Is it fair to say at this point, the Scruggs firm does not know they are about to get struck by a lightning bolt?

  • 11/20/07: Keker, counsel for Dickie Scruggs in the Alabama case sends a letter to the Wall Street Journal demanding a retraction for its 11/15 piece on the Hood/Scruggs connection and the State Farm case against Hood.

I can’t tell if this signifies. If they’d seen what was coming, and if they had any sense, the Scruggs folks would have been being cautious at this point. I’m not sure I can conclude that those ifs were all likely, under these facts, with these folks. This was Tuesday of the week before Thanksgiving. When did the FBI start doing interviews that suggested something was afoot?

  • 11/22/07: Thanksgiving. Rumor has it that a certain senator had an FBI interview just before this. Rumor has it didn’t go well.

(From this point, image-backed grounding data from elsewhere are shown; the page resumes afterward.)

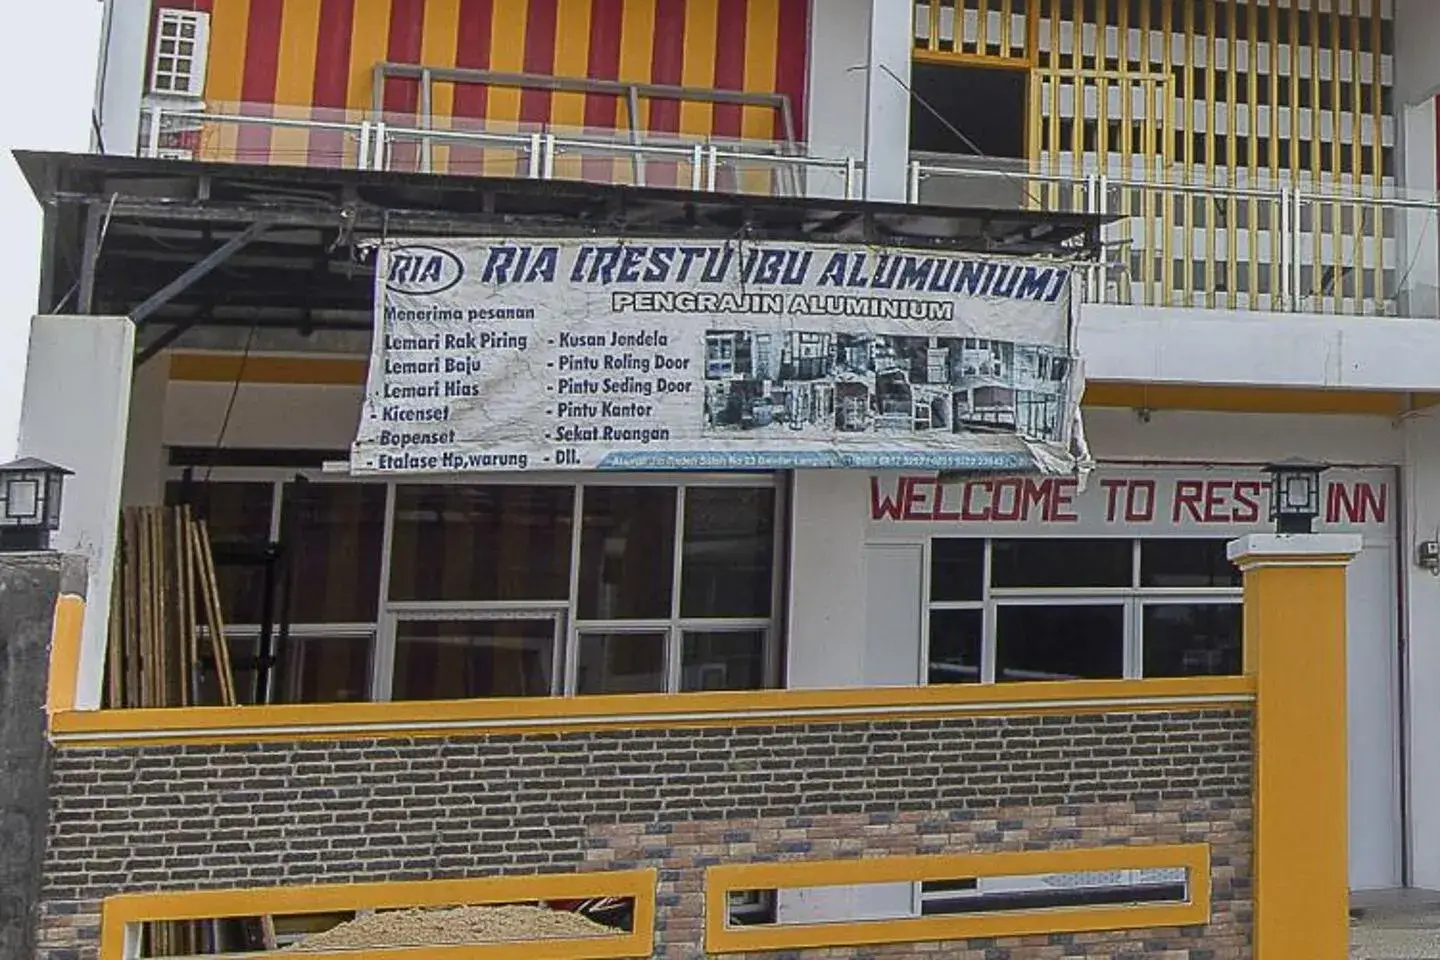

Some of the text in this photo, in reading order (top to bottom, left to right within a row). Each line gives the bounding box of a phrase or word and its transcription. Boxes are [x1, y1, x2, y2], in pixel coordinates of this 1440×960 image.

[389, 255, 442, 283] RIA
[482, 246, 559, 284] RIA
[743, 248, 812, 285] IBU
[468, 307, 535, 322] pesanan
[612, 292, 954, 321] PENGRAJIN ALUMINIUM
[385, 331, 528, 350] Lemari Rak Piring
[559, 332, 606, 347] Kusan
[384, 356, 481, 375] Lemari Baju
[558, 354, 690, 373] Pintu Roling Door
[383, 381, 480, 398] Lemari Hias
[558, 377, 692, 396] Pintu Seding Door
[558, 401, 653, 417] Pintu Kantor
[556, 425, 670, 444] Sekat Ruangan
[378, 453, 437, 469] Etalase
[870, 477, 1387, 523] WELCOME TO REST INN

Is the rumor about the interview true? Would that or other interviews have caused rumblings? I would love to know. I’m putting the rumor in here because it suggested sometime before 11/22, word might have been out to a very small audience….

  • In his resignation announcement, Senator Lott said that he had spent Thanksgiving with 30 family members, and that “I just realized, I’ve missed those opportunities to spend with my family.”

…just in time for Thanksgiving dinner with a big extended family that would presumably have included the sister-in-law and her husband Dickie Scruggs.

  • 11/26/07: Trent Lott announces resignation on the Monday after Thanksgiving. He noted that he and his wife had been to the First Baptist Church in Jackson and heard a sermon based on Scripture that said there is “a time for everything under Heaven,” Lott said. “It seemed to be speaking to us,” he said.

I don’t have the stomach for actually listening to Baptist sermons in large doses, but just from a glance here it appears the senator may have made that anecdote up. If anyone else wants to slog through to prove me right or wrong, you’re welcome to it.

  • 11/27/07: FBI searches Scruggs Law Firm. Joey Langston talks to the press in front of the Scruggs office during the search and says that the F.B.I. is looking for a particular document in a Katrina case that they did not find.

Did the Scruggs folks really think they knew what the search was about at this point? (Obviously, Langston’s comment demonstrates either ignorance or a desire to put out a red herring). Is this is the oh-shit moment for anyone involved in the bribery scheme? I would guess from Langston’s presence, it is an oh-shit moment limited to one problem (Katrina or the Lackey thing, I’m not sure) –people involved in other possible illegal schemes did not yet fear the worst.

  • 11/28/07: Dickie Scruggs, his son Zach, Tim Balducci, and Steve Patterson are indicted for bribing Judge Lackey. Joey Langston enters an appearance for Dickie Scruggs. Tony Farese enters an appearance for Zach Scruggs.

And now they know.

  • 11/29/07: Langston, representing Dickie Scruggs, issues a statement about the Katrina cases: “The unfortunate events of yesterday do not necessarily mean there’s going to be a change in the team that’s prosecuting (Scruggs’) cases. They have invested an enormous amount of time and effort in these cases,” Langston adds. “Just because they have to contend with this difficult matter doesn’t mean their clients should suffer from it.”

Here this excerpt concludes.